Drive by any baseball diamond on a Saturday morning this time of year, and you’ll catch an eyeful of young players swinging bats, running bases, and chasing balls.
The same holds true at the YMCA Miracle League field in University City. Now in its sixth season, the league created for children and young adults with physical and cognitive disabilities has grown by leaps and bounds, nearly doubling its number of athletes for this spring.
“We started with 40 kids and we’re up to 75 now,” said Emily Brown, the league’s coordinator. “The word just keeps getting out. We’ve got 18 new players this season.”
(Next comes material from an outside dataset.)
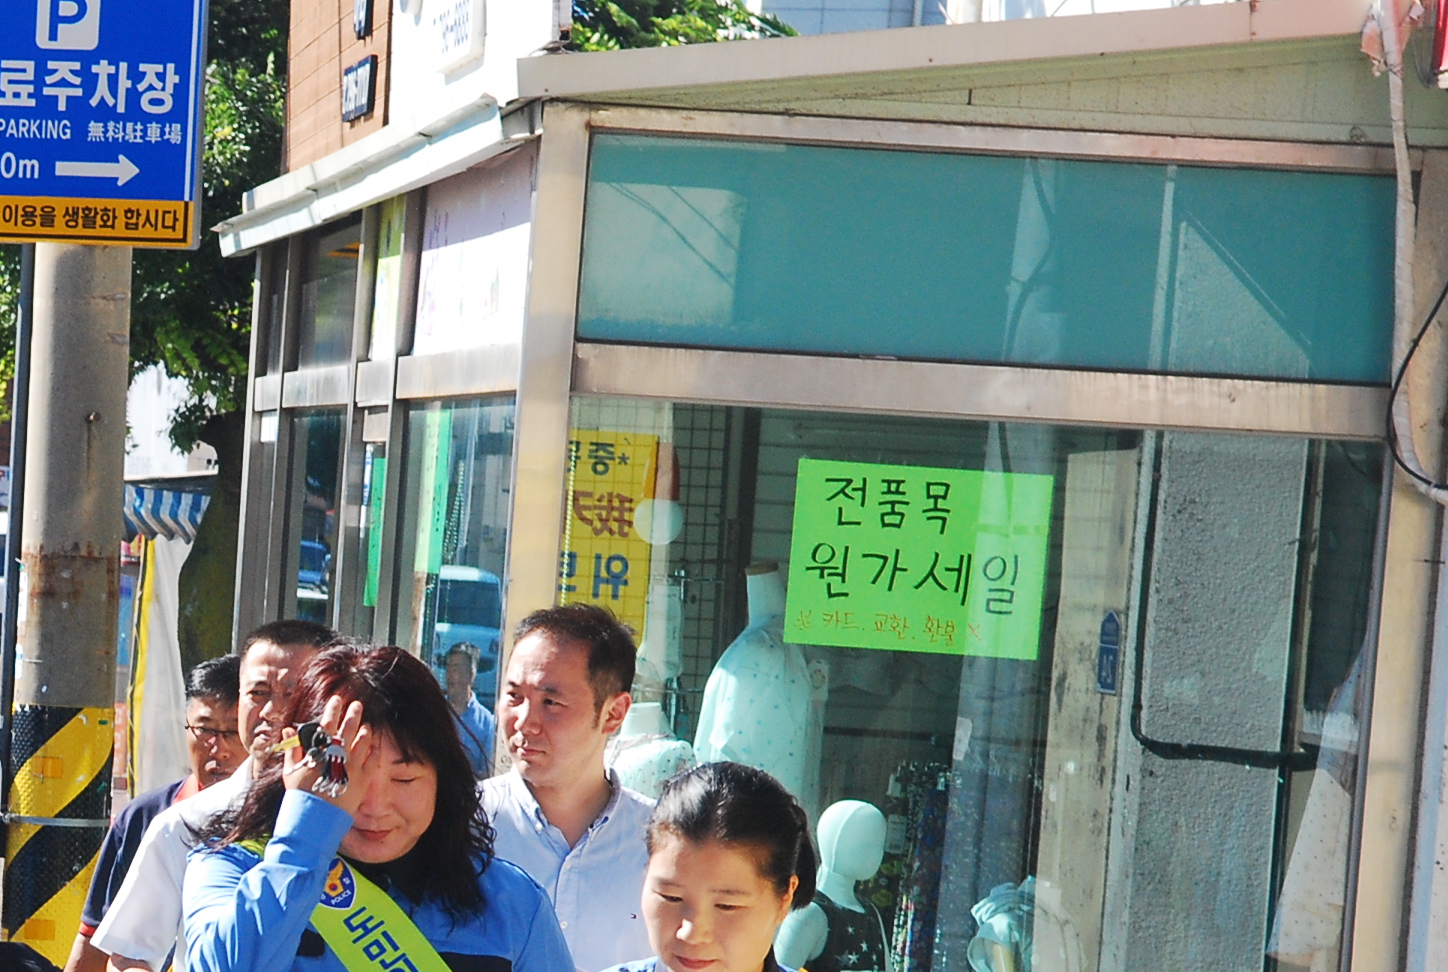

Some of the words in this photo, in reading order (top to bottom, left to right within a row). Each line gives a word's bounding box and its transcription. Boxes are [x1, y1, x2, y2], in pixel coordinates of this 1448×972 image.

Its success has hinged on the principle that everyone gets to play. The $1 million field made of rubber allows wheelchairs, walkers and canes to glide smoothly from base to base. The rules are the same as any other baseball game, with a few variations – no strikes, balls or outs. Games are kept at two innings, and they always end in a tie.
Digital Access for only $0.99
For the most comprehensive local coverage, subscribe today.
The advertised age to join ranges from 5-18, but the league has accepted players from 4 to 30.
For parents, the league satisfies a need they’ve yearned to be filled for a long time – the chance for their children with disabilities to join an athletic program just like anyone else.
“We’ve always wanted him to have his own thing,” said Amy Rhodes, whose son Aaron, 7, joined the league its inaugural year. “His brother swims and does gymnastics, and his sister swims and does gymnastics, but baseball is all Aaron’s, and that’s special for him. That’s something he can call his own.”
Miracle League fields began springing up in 2000, with the first one constructed in Atlanta. Today, 275 leagues span the world, serving 200,000 children and young adults.
University City YMCA’s Miracle League launched in 2012 after Charlotte Knight’s co-owner Bill Allen donated the money to have the special diamond built.
Ongoing corporate and individual donations help pay for field maintenance, team uniforms and scholarships for those who cannot pay the $35 fee.
Each Saturday during the eight-week season, six teams take turns on the field. The announcer plays batters’ theme songs as they assume their places behind home plate. They range from Elmo’s theme to “Uptown Funk.” The fans in the stands, made up of families and volunteers, reward good hits with eruptions of cheers.
The athletes come from all over to play. The Rhodes travel from Mint Hill. Others, such as the Whitleys, make their way from McAdenville.
“This is his Saturday after a hard workweek,” said Teresa Whitley, whose son Chris, 30, plays in the league. “He wouldn’t miss it.”
The bonds that have formed between players have been inspirational.
Aaron and Chris joined the team during the same season. Both were born with cerebral palsy and used walkers to get around the field their first two seasons. They both worked hard to drop their walkers during the third season, drawing motivation and encouragement from each other.
“Now he’s out here literally running from base to base,” said Aaron’s dad, Dennis. “For a kid who you never knew for sure if he would walk, it’s just amazing to see the progress he’s made on the field.”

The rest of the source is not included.